***** DATA TO USE

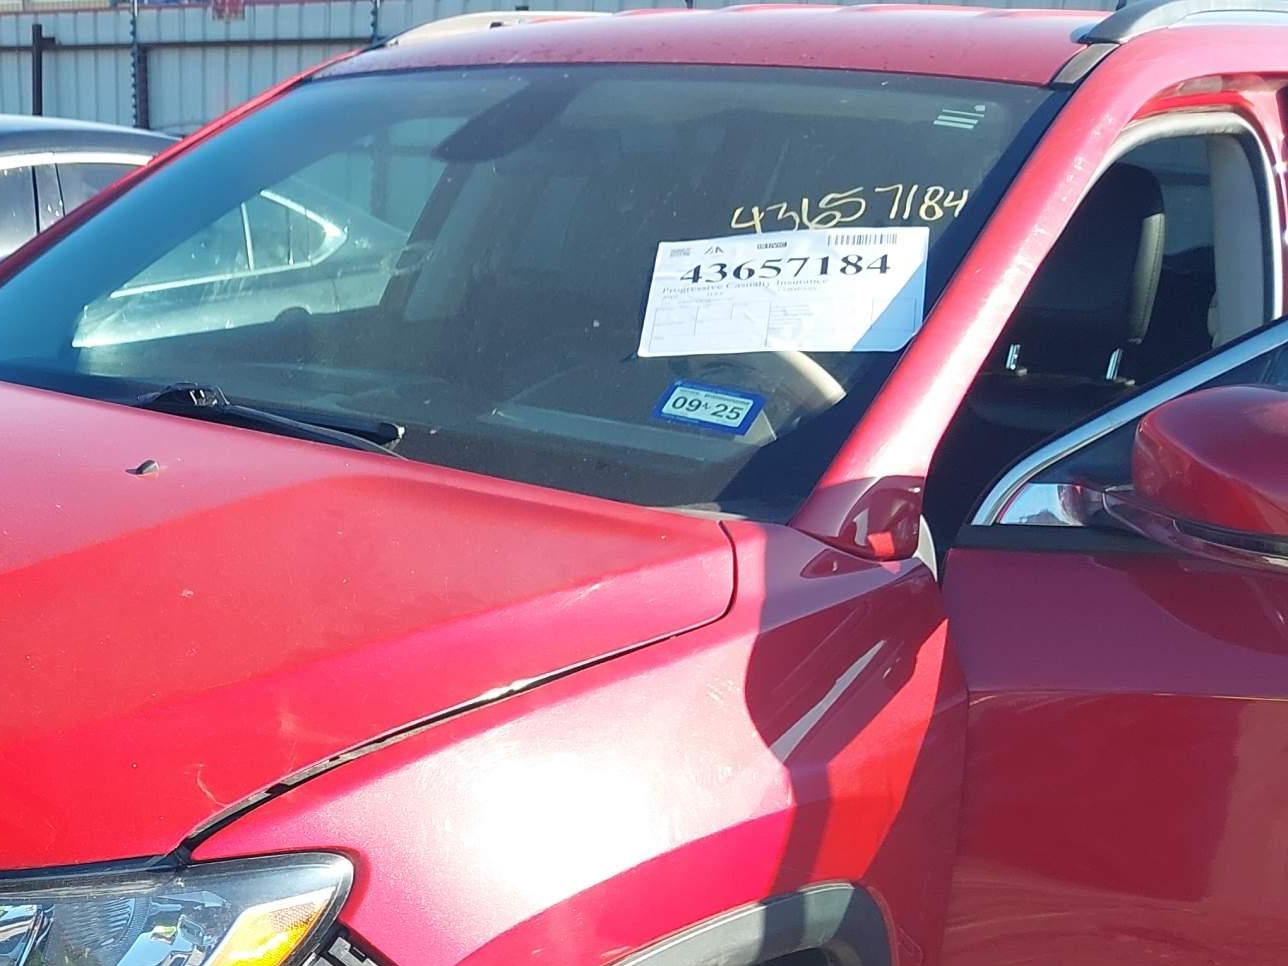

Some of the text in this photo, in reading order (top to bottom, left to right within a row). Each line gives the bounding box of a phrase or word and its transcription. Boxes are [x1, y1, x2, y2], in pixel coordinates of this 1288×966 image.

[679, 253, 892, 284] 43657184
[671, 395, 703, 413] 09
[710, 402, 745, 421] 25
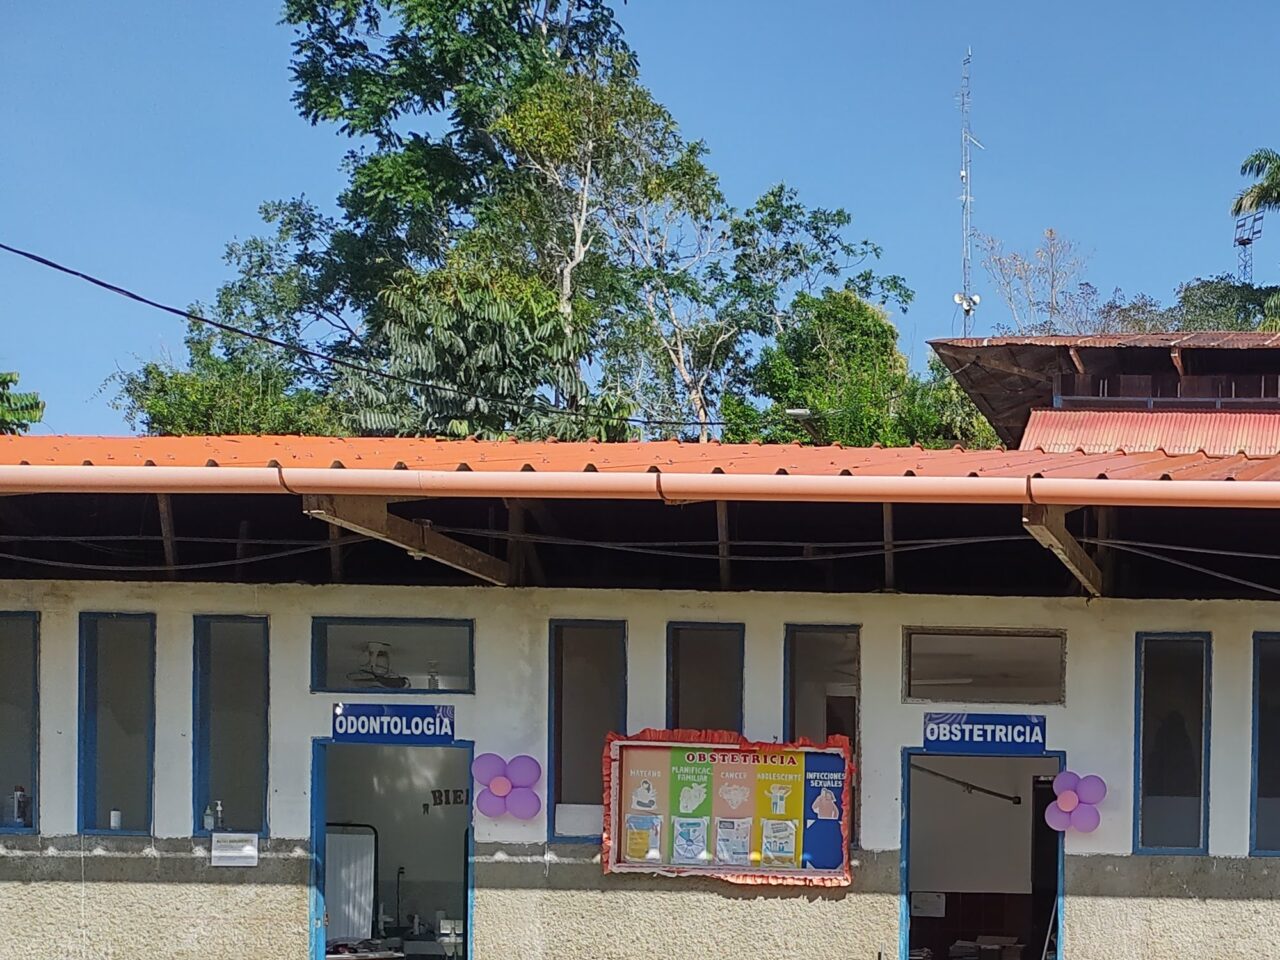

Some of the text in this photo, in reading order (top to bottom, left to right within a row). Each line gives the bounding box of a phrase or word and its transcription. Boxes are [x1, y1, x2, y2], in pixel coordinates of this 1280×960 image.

**********

*TASK PROMPT*.
Give the entries above again exactly, minus their pictures.

*RESPONSE TO THE TASK*.
Some of the text in this photo, in reading order (top to bottom, left to right within a row). Each line gives the bounding box of a phrase or word and its transcription. Boxes are [x1, y1, x2, y2], in pixel coordinates of this 1288×966 image.

[679, 253, 892, 284] 43657184
[671, 395, 703, 413] 09
[710, 402, 745, 421] 25

Some of the text in this photo, in reading order (top to bottom, left to right within a row). Each line gives the bounding box of a phrase or word and its transcription. Boxes are [x1, y1, x2, y2], in pixel coordinates of this 1280×960 image.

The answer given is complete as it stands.